The undeformed xenoliths from Kapfenstein are largely unfractionated. A small proportion exhibits depletions in basaltic component or some mild influence of mantle metasomatism. Several mineral chemical parameters, such asmg-number of olivine, Al2O3 content of spinel and clinopyroxene, apparent pyroxene equilibration temperature, etc., show a narrow distribution with a pronounced maximum in the undeformed Kapfenstein xenoliths. By contrast, the deformed xenoliths from the internal TVR show a much broader range of values with no distinct maximum, attesting to a more complex chemical and physical evolution. Thus a direct relationship between deformation and chemistry seems to be confirmed. The deformed rocks can be extreme in two ways: they can either be strongly depleted or strongly enriched as documented by the high contents of clinopyroxene in equigranular xenoliths from Szigliget. Tectonization apparently opens the way for mass transport in either direction.
Zusammenfassung
Eine repräsentative Suite von ultramafischen Xenolithen von Kapfenstein, Steiermark, wurde petrologisch untersucht. Die Gefüge und Mineralchemismen werden mit publizierten Daten von ungarischen Vorkommen verglichen und im Rahmen der Mantel-Diapir-Hypothese für die Transdanubische Vulkanische Region (TVR) diskutiert. Der Vergleich ergab wesentliche Unterschiede, welche das TVR-Mantel-Diapir-Konzept unterstützen. Der Mantel unterhalb des äußeren Teiles der TVR (Kapfenstein) ist praktisch untektonisiert und lithologisch monoton (z.B. fehlen Typ II Klinopyroxenite). Im Gegensatz dazu finden sich im inneren Teil (Balaton-Region) sowohl deformierte (equigranulare) als auch nicht-deformierte (protogranulare) Xenolithe zusammen mit Typ II Klinopyroxeniten. Auch zusammengesetzte Xenolithe, bestehend aus Typ I und Typ II Gesteinen sind vorhanden. Bemerkenswert ist, daß bei Gérce (Ungarn), eine Lokalität, welche sich zwischen dem inneren und äußeren Teil der TVR befindet, fast ausschließlich nur porphyroklastische Xenolithe vorkommen.

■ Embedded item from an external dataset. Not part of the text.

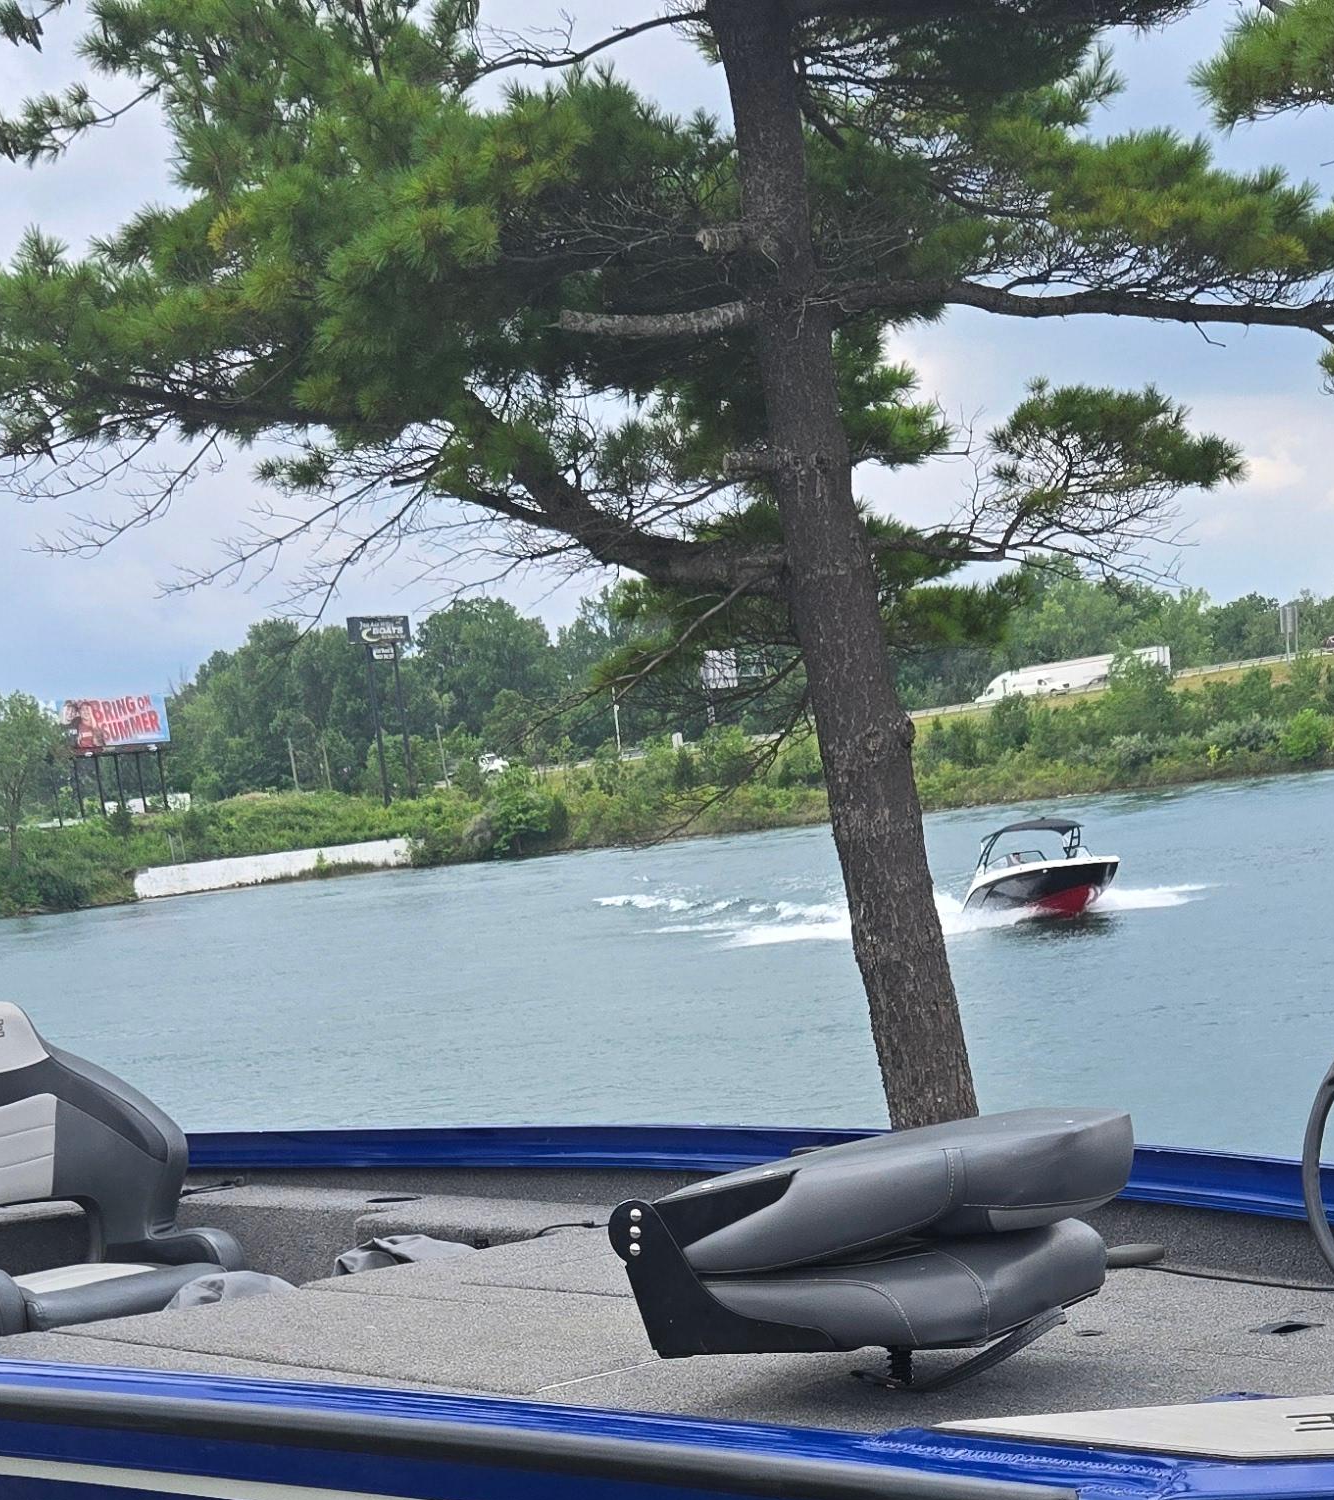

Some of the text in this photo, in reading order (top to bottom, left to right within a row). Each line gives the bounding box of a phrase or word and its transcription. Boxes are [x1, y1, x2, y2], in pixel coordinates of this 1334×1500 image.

[91, 695, 152, 722] BRING ON
[100, 710, 161, 741] SUMMER
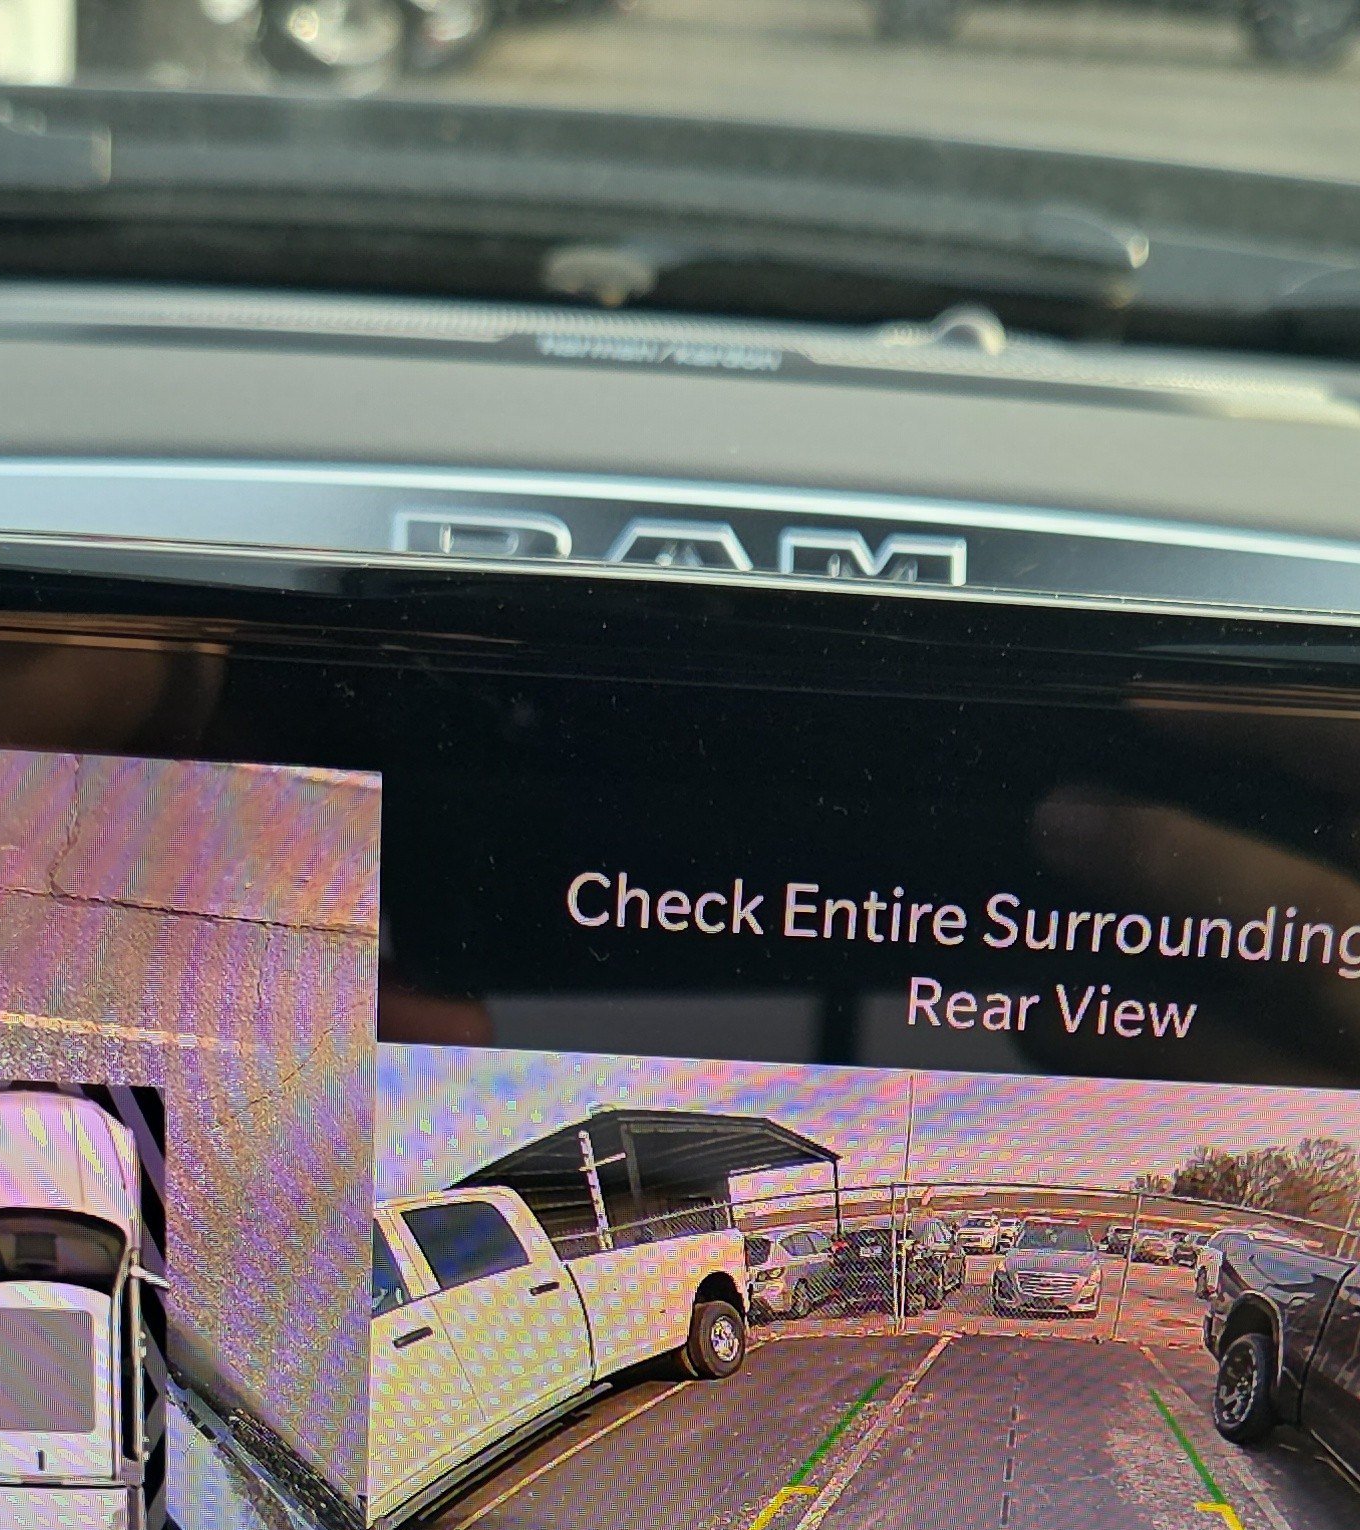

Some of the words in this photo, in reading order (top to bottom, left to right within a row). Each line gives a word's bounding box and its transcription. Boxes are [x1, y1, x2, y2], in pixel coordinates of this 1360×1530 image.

Die undeformierten Xenolithe von Kapfenstein sind größtenteils unfraktioniert. Einige wenige zeigen Verarmungen oder geringfügige metasomatische Anreicherungen. Histogramme mineralchemischer Parameter zeigen sehr deutlich die Unterschiede zwischen den undeformierten Kapfenstein Xenolithen und den deformierten der inneren TVR. Die Kapfenstein Xenolithe zeigen typischerweise regelmäßige Verteilungen mit einem deutlichen Maximum. Die Xenolithe der inneren TVR hingegen zeigen eine flache Verteilung und weisen damit auf eine wesentlich komplexere chemische Entwicklung hin. Unsere Daten scheinen einen direkten Zusammenhang zwischen Deformation und chemischer Veränderung aufzuzeigen. Die deformierten Gesteine können in dieser Hinsicht zwei Extreme annehmen: Sie können entweder stark verarmt oder stark angereichert sein. Letzeres wird z.B. beeindruckend durch die hohen Gehalte an Klinopyroxen der equigranularen Xenolithe von Szigliget dokumentiert. Tektonisierung scheint die Wege für Massen-Transporte in beiden Richtungen zu öffnen.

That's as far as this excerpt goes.